Carteiras como Ledger e MetaMask agora estão "sob fiscalização"?
Não diretamente. A Ledger ou MetaMask em si não tem obrigação. Mas qualquer interação dessas carteiras com PSAV brasileira (ao depositar, sacar, ou converter) gera obrigação de reporte da PSAV ao BCB, com identificação do dono da wallet. Wallets que nunca tocam exchange brasileira regulada continuam fora do perímetro de reporte direto — mas estão sujeitas a outras regras (Receita Federal, COAF) em casos de uso transacional.
O Anexo II-A pode ser derrubado pelo STF?
Há fundamentos jurídicos relevantes para questionamento, especialmente quanto à reserva legal qualificada.
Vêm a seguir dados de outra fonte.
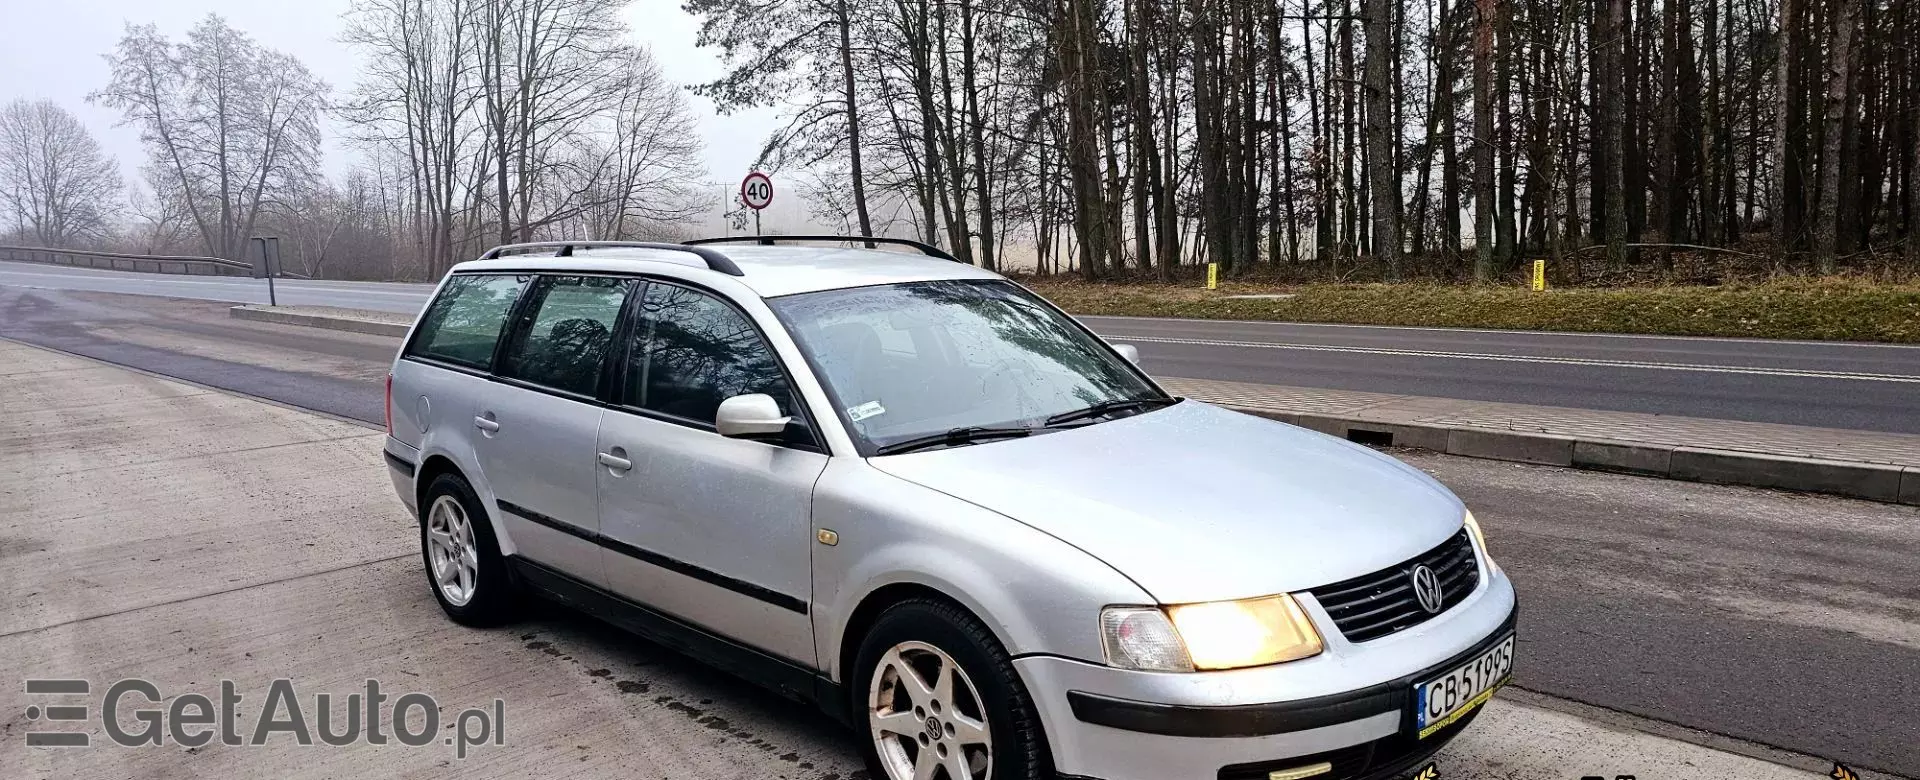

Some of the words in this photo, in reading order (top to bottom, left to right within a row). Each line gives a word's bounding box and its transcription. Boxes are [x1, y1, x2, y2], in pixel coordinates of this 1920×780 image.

Mas o caminho processual via Ação Direta de Inconstitucionalidade leva, em média, 3 a 5 anos no STF, e não suspende automaticamente a vigência da norma. Mandados de segurança individuais podem trazer decisões mais rápidas em casos específicos. O cenário base é: regime continua em vigor enquanto o tema é debatido judicialmente.
Pra quem só usa exchange brasileira pra comprar e vender cripto, muda muito?
Pouco no curtíssimo prazo, exceto leve atrito a mais em saques e mais campos de declaração. O impacto é maior pra quem usa cripto como rail de pagamento internacional, recebe de fora, paga fornecedor lá, ou movimenta entre exchange brasileira e wallet self-custodial pra terceiros.
Exchanges internacionais como BingX, MEXC, Bybit vão sair do Brasil?
As que não criarem entidade local autorizada como PSAV até 31 de outubro de 2026 não poderão mais oferecer serviços a clientes brasileiros legalmente. Algumas vão protocolar autorização (Binance e Bybit já sinalizaram); outras vão preferir migrar clientes para estrutura offshore e perder o mercado regulado brasileiro. A consolidação esperada deixa 3 a 5 grandes players autorizados.